Collected data:
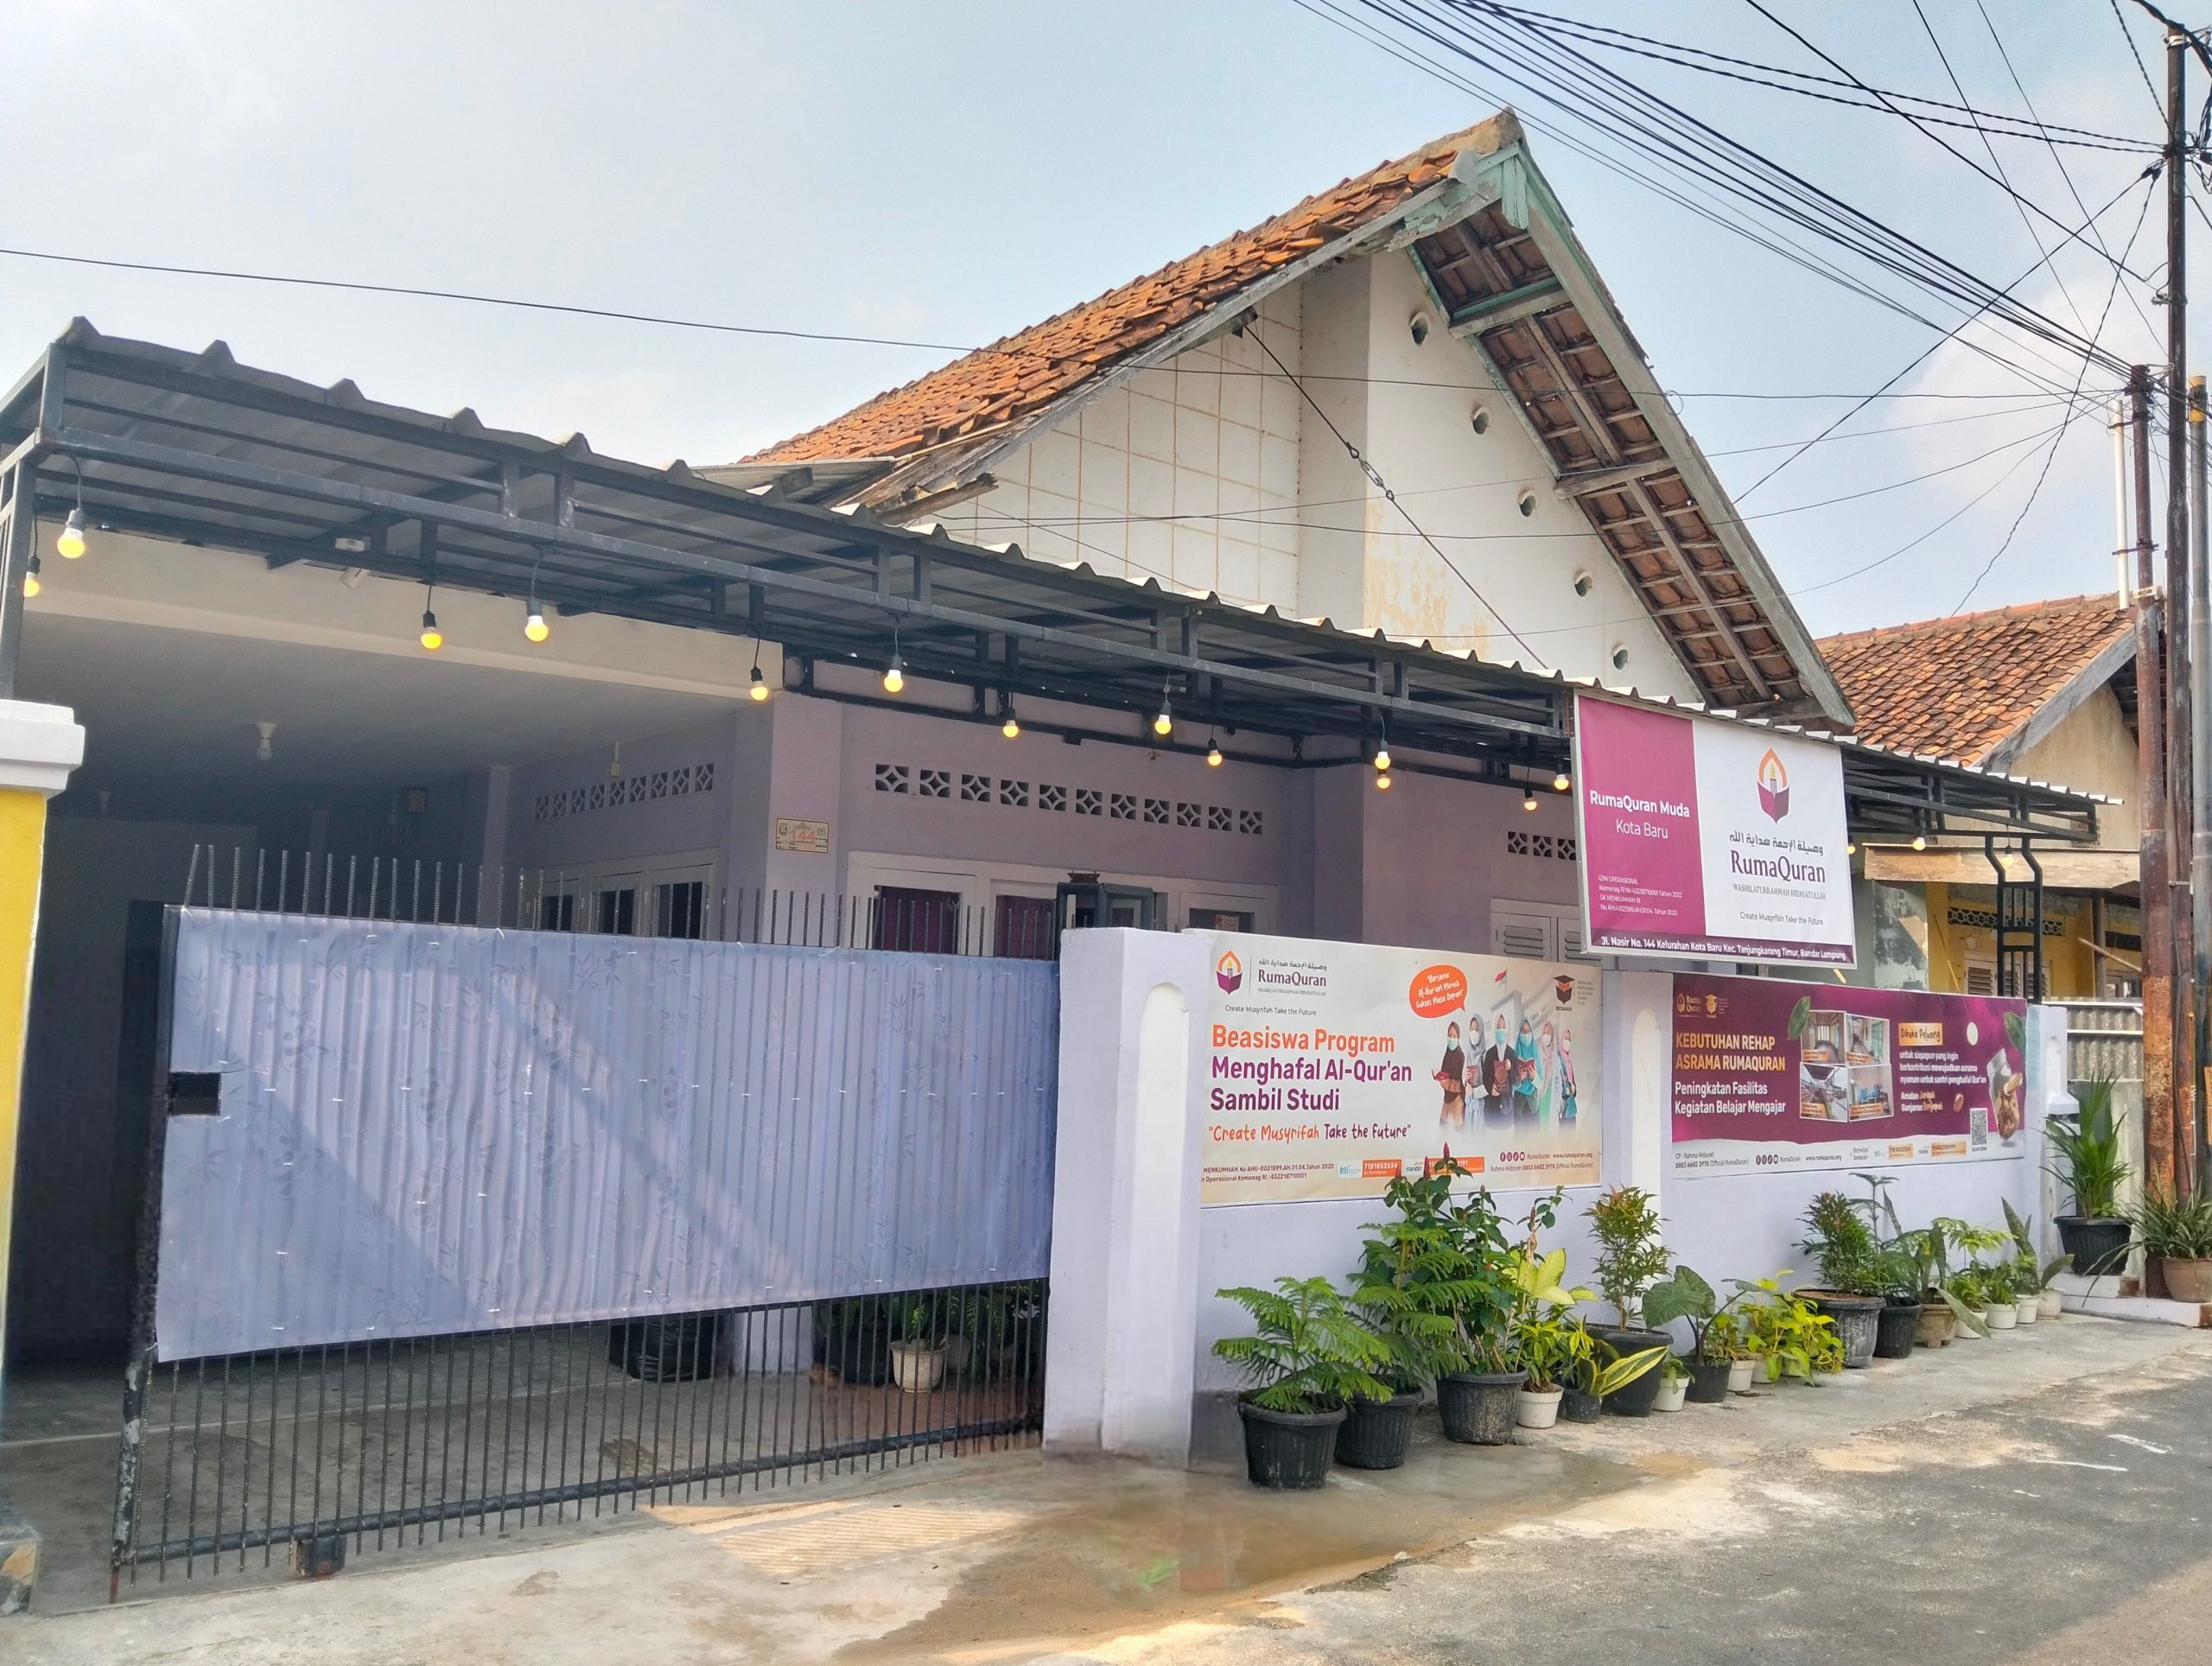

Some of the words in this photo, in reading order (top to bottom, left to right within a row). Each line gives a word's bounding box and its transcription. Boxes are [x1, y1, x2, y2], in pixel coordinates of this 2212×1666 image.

[1590, 790, 1657, 813] RumaQuran
[1660, 800, 1690, 817] Muda
[790, 830, 816, 842] 144
[1616, 819, 1641, 836] Kota
[1643, 823, 1669, 839] Baru
[1729, 830, 1745, 843] الله
[1730, 849, 1826, 883] RumaQuran
[1740, 911, 1758, 920] Create
[1758, 912, 1784, 924] Musyrifah
[1785, 915, 1797, 924] Take
[1797, 916, 1807, 925] the
[1808, 917, 1824, 926] Future
[1601, 937, 1611, 946] Jl.
[1611, 937, 1629, 947] Nasir
[1630, 938, 1643, 948] No.
[1643, 939, 1656, 949] 144
[1656, 940, 1689, 951] Kelurahan
[1690, 943, 1707, 951] Kota
[1707, 944, 1722, 952] Baru
[1723, 944, 1736, 953] Kec.
[1737, 945, 1781, 957] Tanjungkarang
[1781, 948, 1800, 958] Timur,
[1800, 950, 1820, 958] Bandar
[1821, 951, 1846, 961] Lampung
[1257, 969, 1327, 987] RumaQuran
[1245, 1006, 1273, 1014] Musyrifah
[1211, 1024, 1309, 1050] Beasiswa
[1314, 1028, 1395, 1058] Program
[1675, 1033, 1740, 1049] KEBUTUHAN
[1741, 1034, 1776, 1051] REHAP
[1901, 1028, 1918, 1039] Dibuka
[1919, 1028, 1941, 1042] Peluang
[1675, 1054, 1721, 1070] ASRAMA
[1722, 1055, 1786, 1071] RUMAQURAN
[1936, 1052, 1947, 1062] yang
[1947, 1052, 1959, 1062] ingin
[1211, 1056, 1320, 1085] Menghafal
[1325, 1059, 1413, 1082] Al-Qur'an
[1899, 1063, 1930, 1071] berkontribusi
[1900, 1077, 1920, 1085] nyaman
[1920, 1075, 1934, 1084] untuk
[1675, 1081, 1731, 1098] Peningkatan
[1732, 1081, 1768, 1095] Fasilitas
[1210, 1087, 1281, 1110] Sambil
[1286, 1088, 1340, 1110] Studi
[1675, 1100, 1715, 1117] Kegiatan
[1716, 1100, 1747, 1116] Belajar
[1747, 1099, 1786, 1116] Mengajar
[1209, 1124, 1256, 1141] "Create
[1261, 1124, 1319, 1144] Musyrifah
[1324, 1123, 1347, 1139] Take
[1351, 1124, 1368, 1139] the
[1205, 1175, 1237, 1184] Operasional
[1237, 1173, 1262, 1182] Kemenag

## Required work
Write every line above again exactly, but leave the pictures out.

## Answer for this exercise
Some of the words in this photo, in reading order (top to bottom, left to right within a row). Each line gives a word's bounding box and its transcription. Boxes are [x1, y1, x2, y2], in pixel coordinates of this 2212×1666 image.

[1590, 790, 1657, 813] RumaQuran
[1660, 800, 1690, 817] Muda
[790, 830, 816, 842] 144
[1616, 819, 1641, 836] Kota
[1643, 823, 1669, 839] Baru
[1729, 830, 1745, 843] الله
[1730, 849, 1826, 883] RumaQuran
[1740, 911, 1758, 920] Create
[1758, 912, 1784, 924] Musyrifah
[1785, 915, 1797, 924] Take
[1797, 916, 1807, 925] the
[1808, 917, 1824, 926] Future
[1601, 937, 1611, 946] Jl.
[1611, 937, 1629, 947] Nasir
[1630, 938, 1643, 948] No.
[1643, 939, 1656, 949] 144
[1656, 940, 1689, 951] Kelurahan
[1690, 943, 1707, 951] Kota
[1707, 944, 1722, 952] Baru
[1723, 944, 1736, 953] Kec.
[1737, 945, 1781, 957] Tanjungkarang
[1781, 948, 1800, 958] Timur,
[1800, 950, 1820, 958] Bandar
[1821, 951, 1846, 961] Lampung
[1257, 969, 1327, 987] RumaQuran
[1245, 1006, 1273, 1014] Musyrifah
[1211, 1024, 1309, 1050] Beasiswa
[1314, 1028, 1395, 1058] Program
[1675, 1033, 1740, 1049] KEBUTUHAN
[1741, 1034, 1776, 1051] REHAP
[1901, 1028, 1918, 1039] Dibuka
[1919, 1028, 1941, 1042] Peluang
[1675, 1054, 1721, 1070] ASRAMA
[1722, 1055, 1786, 1071] RUMAQURAN
[1936, 1052, 1947, 1062] yang
[1947, 1052, 1959, 1062] ingin
[1211, 1056, 1320, 1085] Menghafal
[1325, 1059, 1413, 1082] Al-Qur'an
[1899, 1063, 1930, 1071] berkontribusi
[1900, 1077, 1920, 1085] nyaman
[1920, 1075, 1934, 1084] untuk
[1675, 1081, 1731, 1098] Peningkatan
[1732, 1081, 1768, 1095] Fasilitas
[1210, 1087, 1281, 1110] Sambil
[1286, 1088, 1340, 1110] Studi
[1675, 1100, 1715, 1117] Kegiatan
[1716, 1100, 1747, 1116] Belajar
[1747, 1099, 1786, 1116] Mengajar
[1209, 1124, 1256, 1141] "Create
[1261, 1124, 1319, 1144] Musyrifah
[1324, 1123, 1347, 1139] Take
[1351, 1124, 1368, 1139] the
[1205, 1175, 1237, 1184] Operasional
[1237, 1173, 1262, 1182] Kemenag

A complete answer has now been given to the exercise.